On a Wednesday evening in early March, Emily Fields lay on the carpet in the bedroom she used to share with her sister Carolyn. Swimming medals and a big poster of Michael Phelps hung on the walls. Her sister’s bed was littered with Emily’s warm-up jacket, tons of oversized T-shirts, and a pair of boyfriend jeans. Carolyn had left for Stanford in August, and Emily relished having a space all her own. Especially since she was spending almost all her time in her room these days.
Emily rolled over and stared at her laptop. A Facebook page blinked on the screen. Tabitha Clark, RIP.
She stared at Tabitha’s profile picture. There were the pink lips that had smiled so seductively at Emily in Jamaica. There were the green eyes that had narrowed at all of them on the hotel’s crow’s-nest deck. Now Tabitha was nothing but bones, her flesh and innards eaten away by fishes and pounded clean by the tides.
We did that.
Emily slammed down the lid of her computer, feeling the urge to throw up. A year ago, on spring break in Jamaica, she and her friends had sworn that they’d come face-to-face with the real Alison DiLaurentis, back from the dead and ready to kill them once and for all, just like she’d meant to do at her family’s house in the Poconos. After a series of bizarre encounters in which this new, enigmatic stranger had uttered secrets that only Ali had known, Aria had pushed her over the edge of the crow’s nest. The girl had fallen several stories to the sandy beach, and her body had disappeared almost instantly, presumably carried out to sea by the tide. When the four of them saw the newscast on TV two weeks ago that this very same girl’s remains had washed up on the shores of the resort, they thought the whole world would discover what they already knew: that Real Ali had survived the fire in the Poconos. But then, the bomb dropped: The girl Aria pushed wasn’t Real Ali at all—her name was Tabitha Clark, just as she’d told them. They’d killed an innocent person.
As the newscast ended, Emily and her friends received a chilling note from an anonymous person known only as A, in the tradition of the two stalkers who’d tormented them before. This new A knew what they had done and was going to make them pay. Emily had been holding her breath ever since, waiting for A’s next move.
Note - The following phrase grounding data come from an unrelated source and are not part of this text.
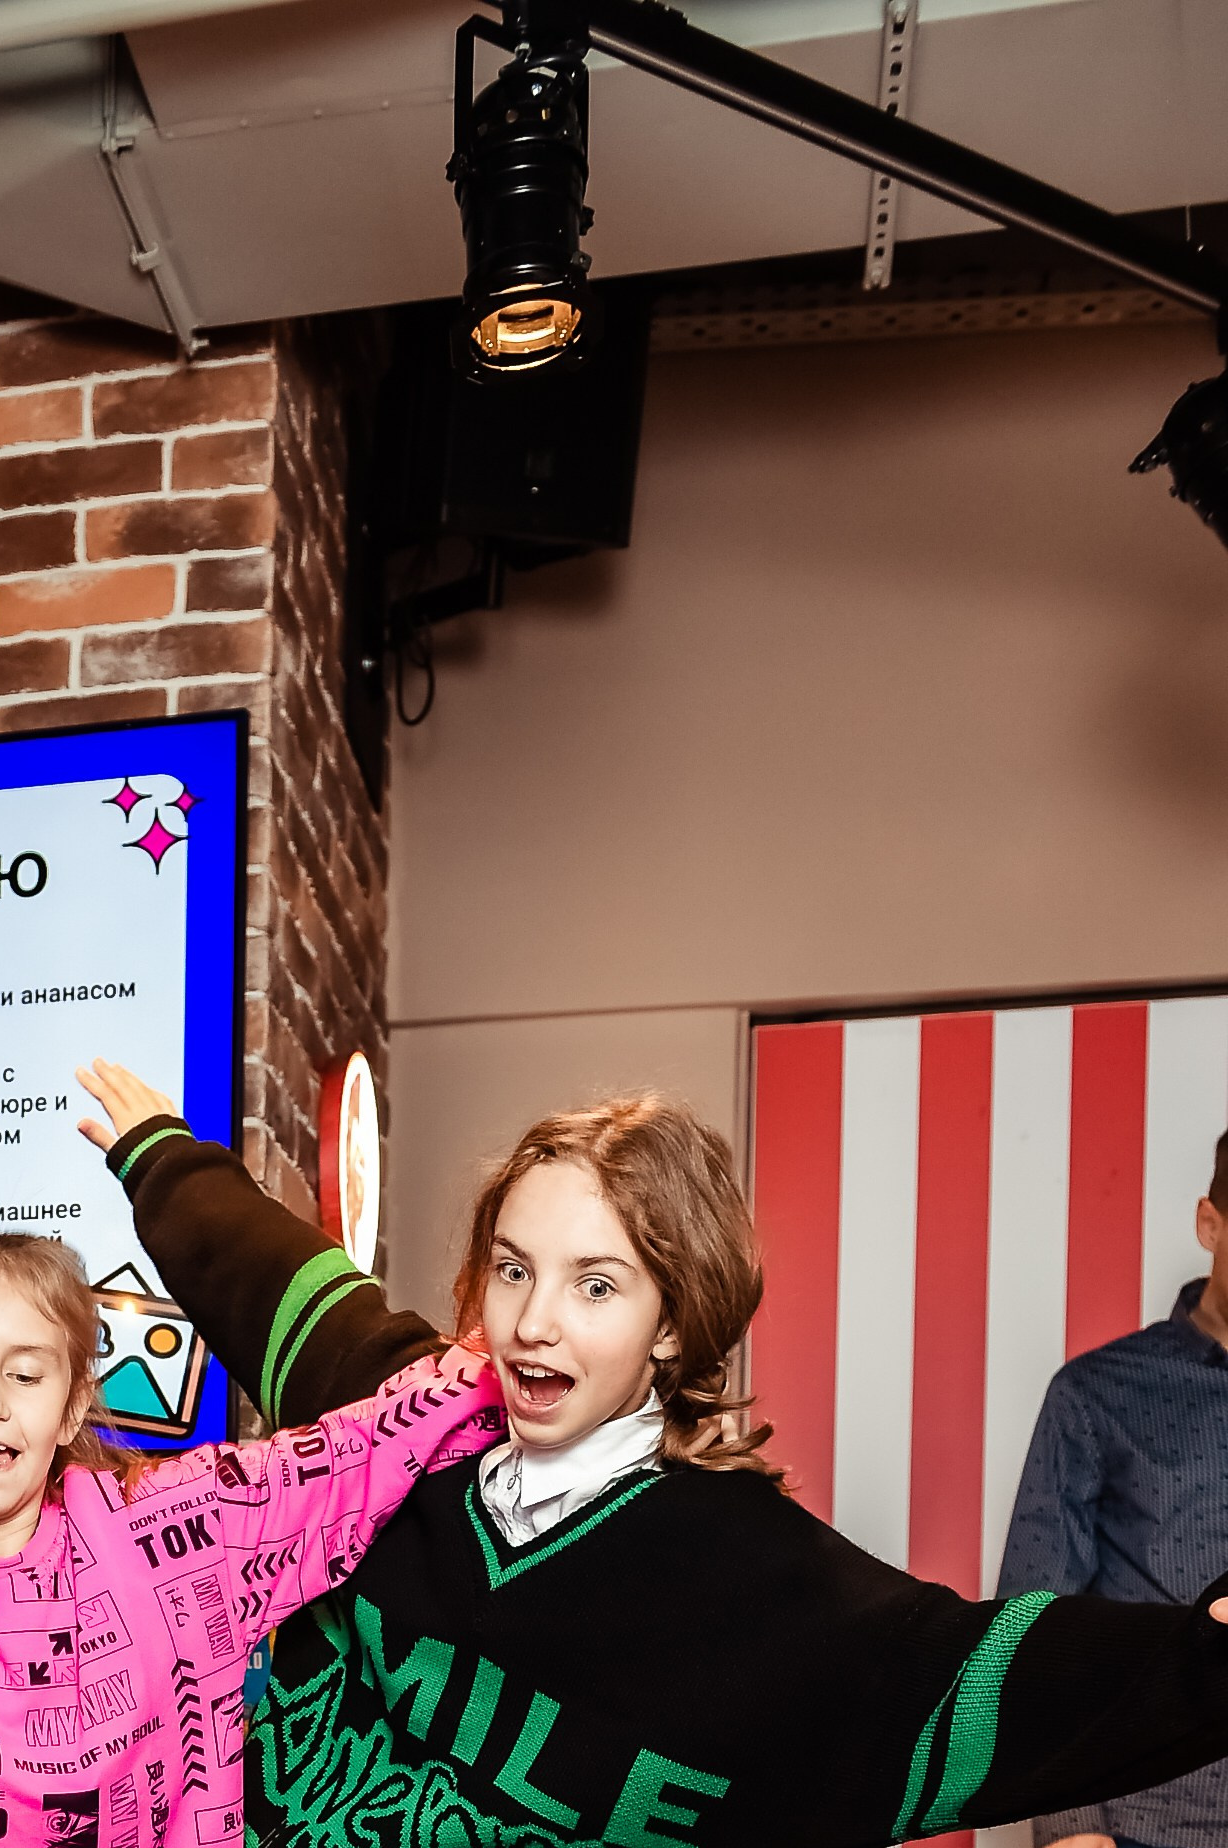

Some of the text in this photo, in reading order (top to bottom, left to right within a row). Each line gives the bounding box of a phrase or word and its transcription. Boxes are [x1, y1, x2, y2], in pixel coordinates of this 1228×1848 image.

[1, 991, 14, 1006] и
[21, 980, 136, 1005] ананасом
[3, 1067, 15, 1083] с
[55, 1094, 68, 1111] и
[128, 1508, 169, 1532] DON'T
[190, 1573, 237, 1660] MY WAY
[25, 1705, 79, 1748] MY
[14, 1715, 166, 1775] MUSIC OF MY SOUL
[108, 1772, 139, 1826] MY
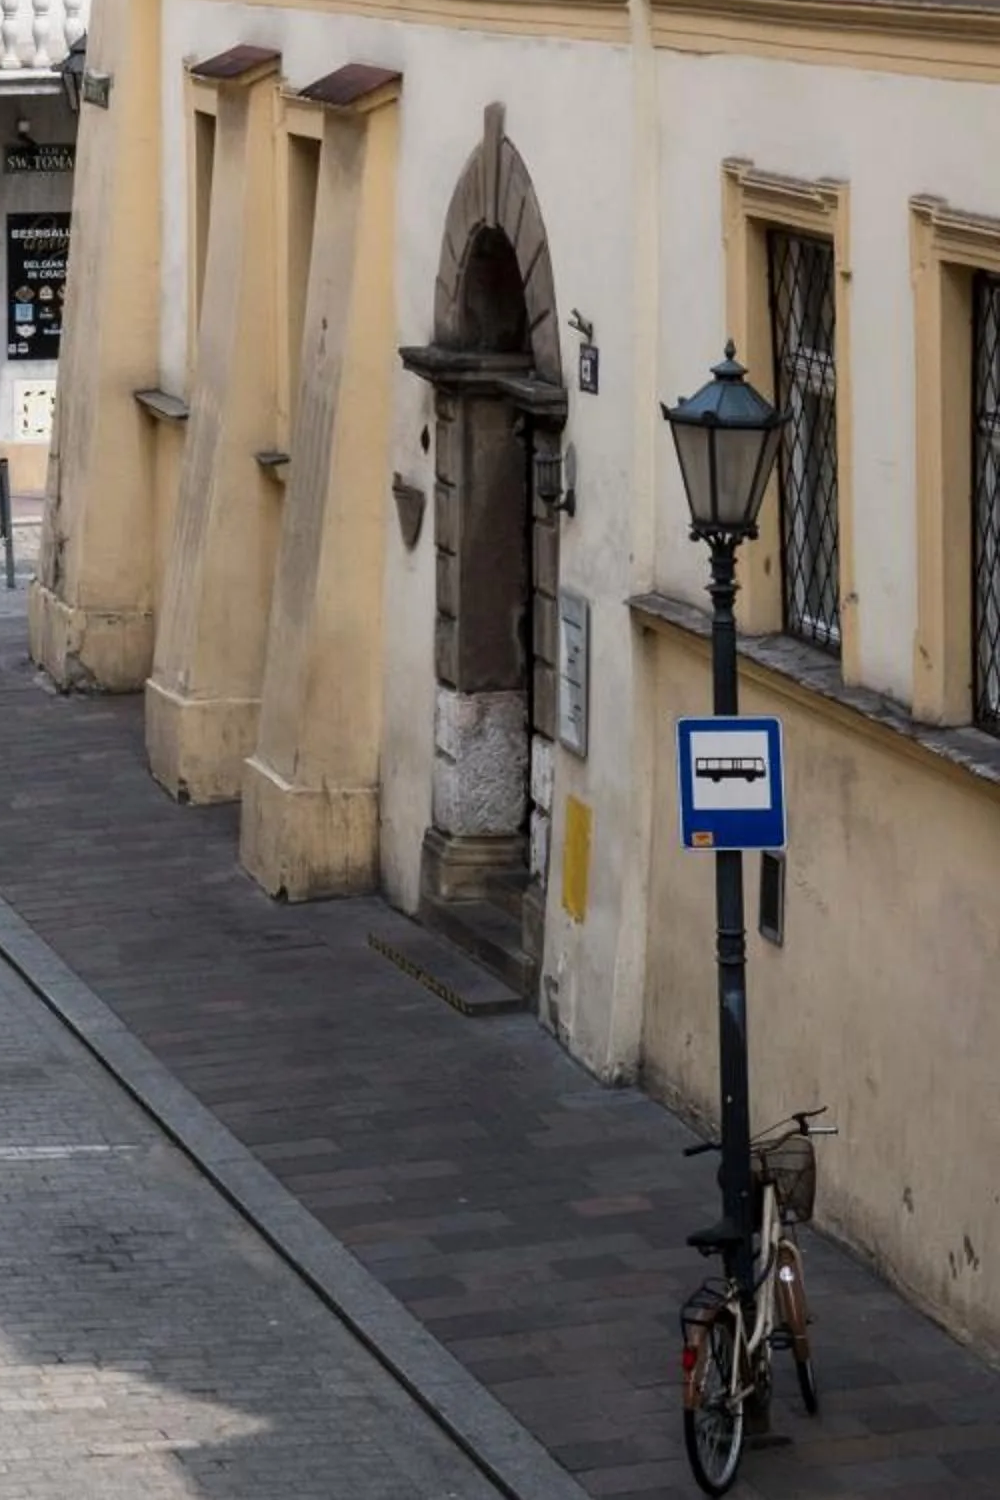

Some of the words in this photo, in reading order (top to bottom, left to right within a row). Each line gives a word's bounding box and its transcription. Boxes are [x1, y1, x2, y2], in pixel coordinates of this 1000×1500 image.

[33, 155, 73, 169] TOMA
[11, 228, 70, 239] BEERGALL
[23, 260, 64, 269] BELGIAN
[39, 270, 65, 279] CRAC
The realization cascaded over Emily daily, startling her anew and making her feel horribly ashamed. Tabitha was dead because of her. A family was ruined because of her. It was all she could do to keep from calling the police and telling them what they had done. But that would ruin Aria, Hanna, and Spencer’s lives, too.
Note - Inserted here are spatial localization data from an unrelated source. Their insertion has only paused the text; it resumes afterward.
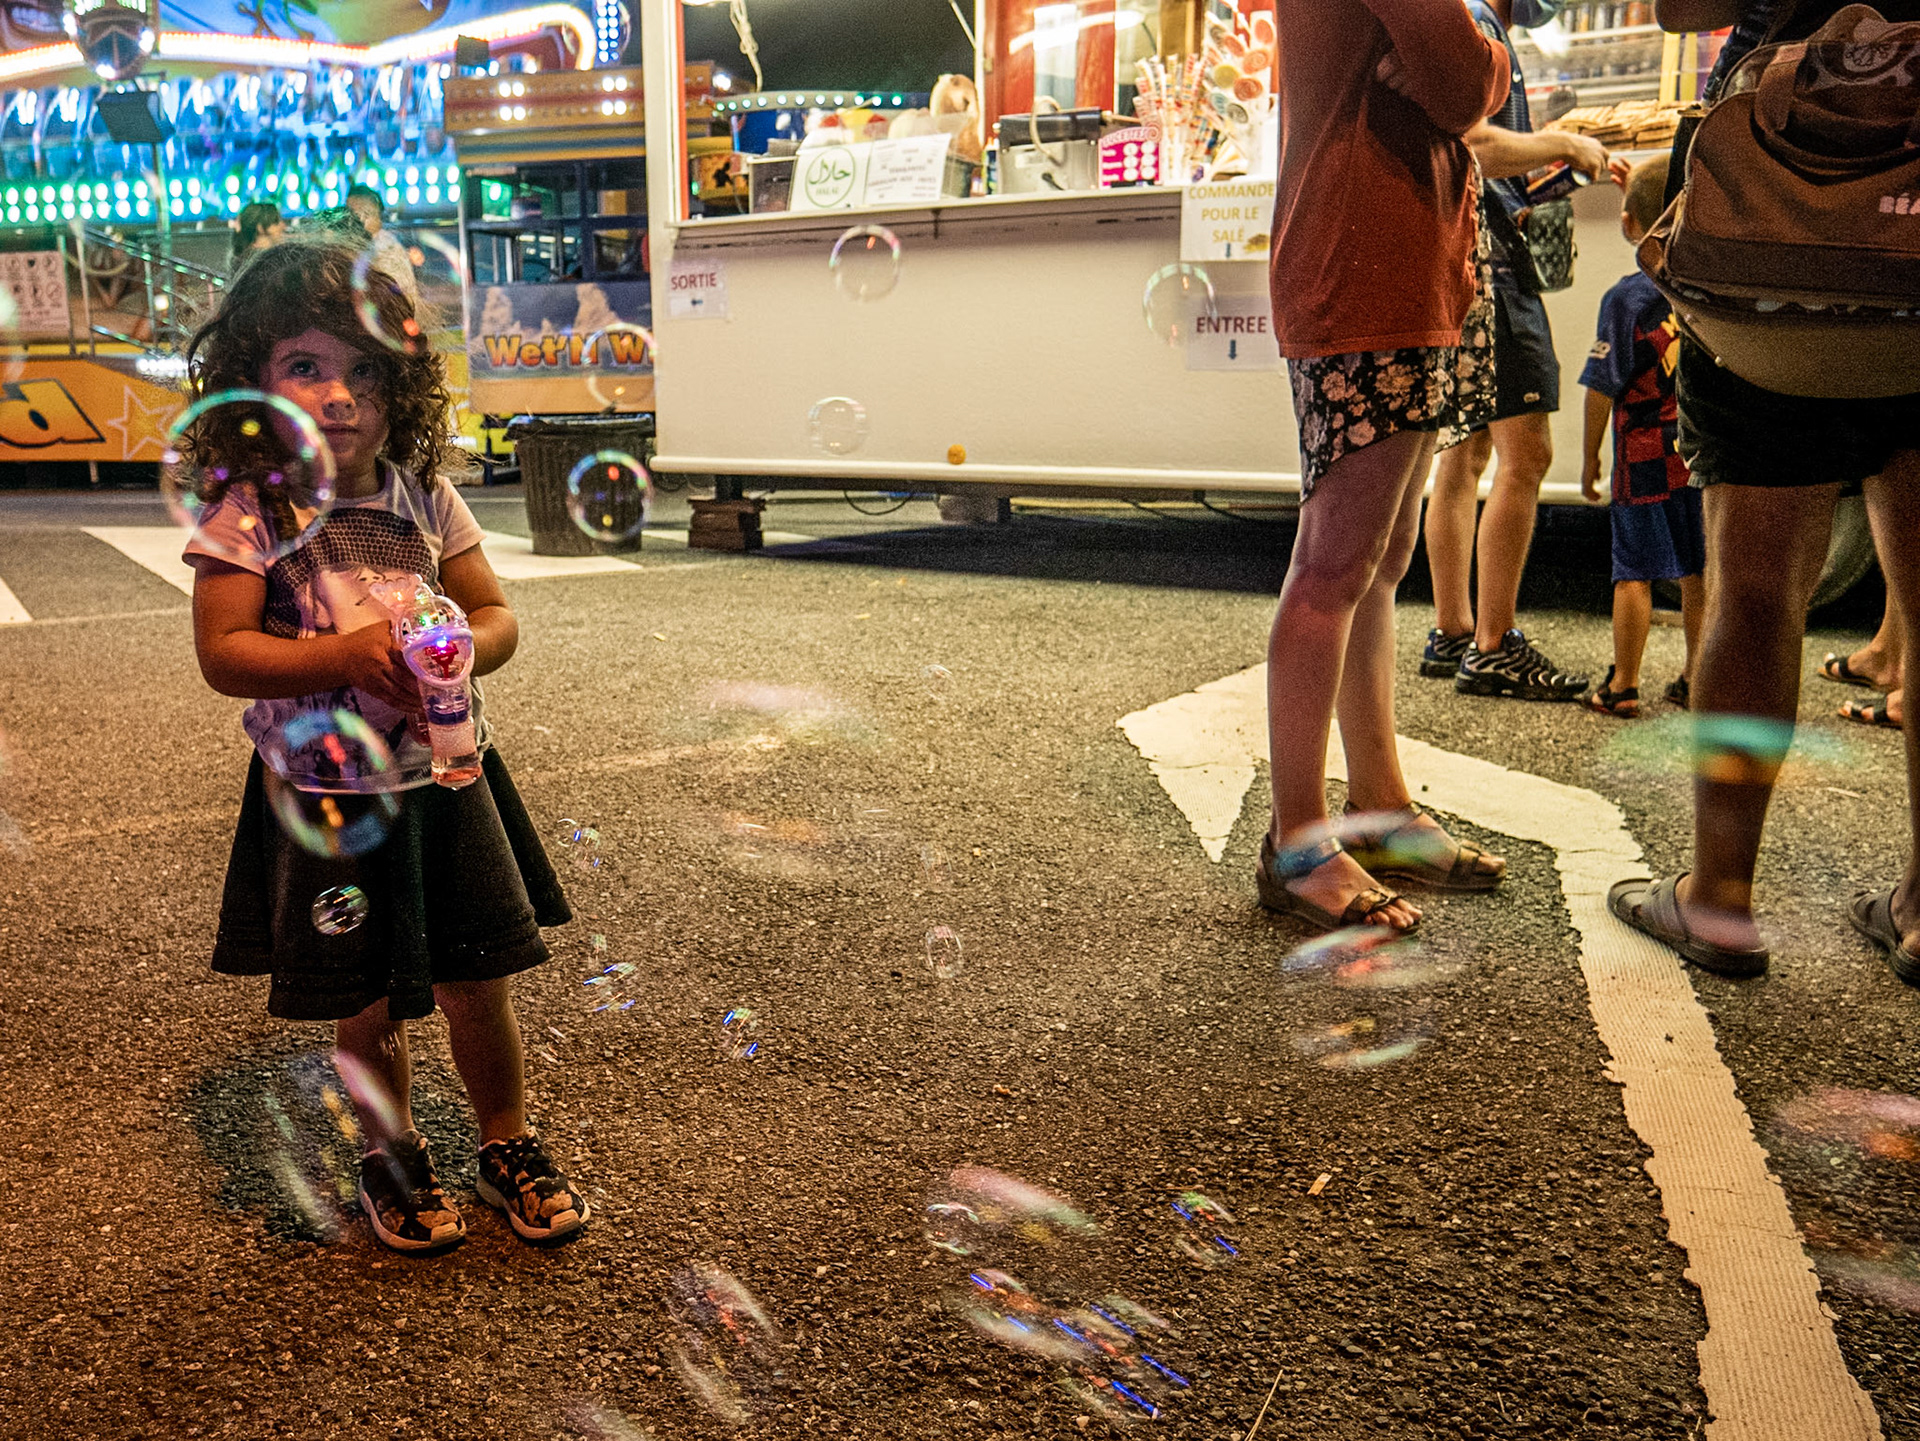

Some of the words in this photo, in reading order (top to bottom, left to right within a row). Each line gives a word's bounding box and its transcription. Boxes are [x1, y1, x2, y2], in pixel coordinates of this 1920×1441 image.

[808, 158, 851, 185] حلال
[1188, 183, 1275, 199] COMMANDE
[1201, 207, 1240, 221] POUR
[1244, 206, 1259, 220] LE
[1212, 225, 1245, 243] SALÉ
[670, 272, 717, 291] SORTIE
[1196, 315, 1267, 334] ENTREE
Her phone bleated, and she reached for it on her pillow. ARIA MONTGOMERY, said the screen. “Hey,” Emily said when she picked up.
“Hey,” Aria said on the other end. “You okay?”
Emily shrugged. “You know.”
“Yeah,” Aria agreed softly.
They fell into a long silence. In the two weeks since a new A had emerged and Tabitha’s body had been found, Emily and Aria had begun calling each other every evening, just to check in. Mostly, they didn’t even talk. Sometimes, they watched TV together—shows like Hoarders or Keeping Up with the Kardashians. Last week, they’d both caught a rerun of Pretty Little Killer, the TV movie depicting Real Ali’s return and killing spree. Neither Emily nor her friends had seen the movie the night it originally aired—they’d been too shell-shocked from the revelation about Tabitha to change the channel from CNN. But Emily and Aria had watched the rerun quietly, gasping at the actresses who played their roles and squirming at the overdramatized moments where their doppelgangers found Ian Thomas’s body or ran from the fire in Spencer’s woods. When the movie hit its climax in the Poconos and the house exploded with Ali inside it, Emily shivered. The producers gave the show a definitive ending. They killed the villain and gave the girls their happily-ever-after. But they didn’t know that Emily and her friends were once again being haunted by A.
As soon as they’d begun receiving notes from New A—on the anniversary of the horrible fire in the Poconos that had almost killed all of them—Emily was sure that Real Ali had survived the fire in the Poconos and the push off the balcony in Jamaica and was back for revenge. Her friends slowly began to believe that as well—until the news came out about Tabitha’s true identity. But even that didn’t rule out the possibility that Real Ali was still alive. She still could be New A and know everything.
Emily knew what her old friends would say if she voiced such a theory: Get over it, Em. Ali’s gone. More than likely they’d reverted back to their old assumption that Ali had perished inside the burning house in the Poconos. But there was something all of them didn’t know: Emily had left the front door unlatched and ajar for Ali before the house exploded. She could have easily escaped.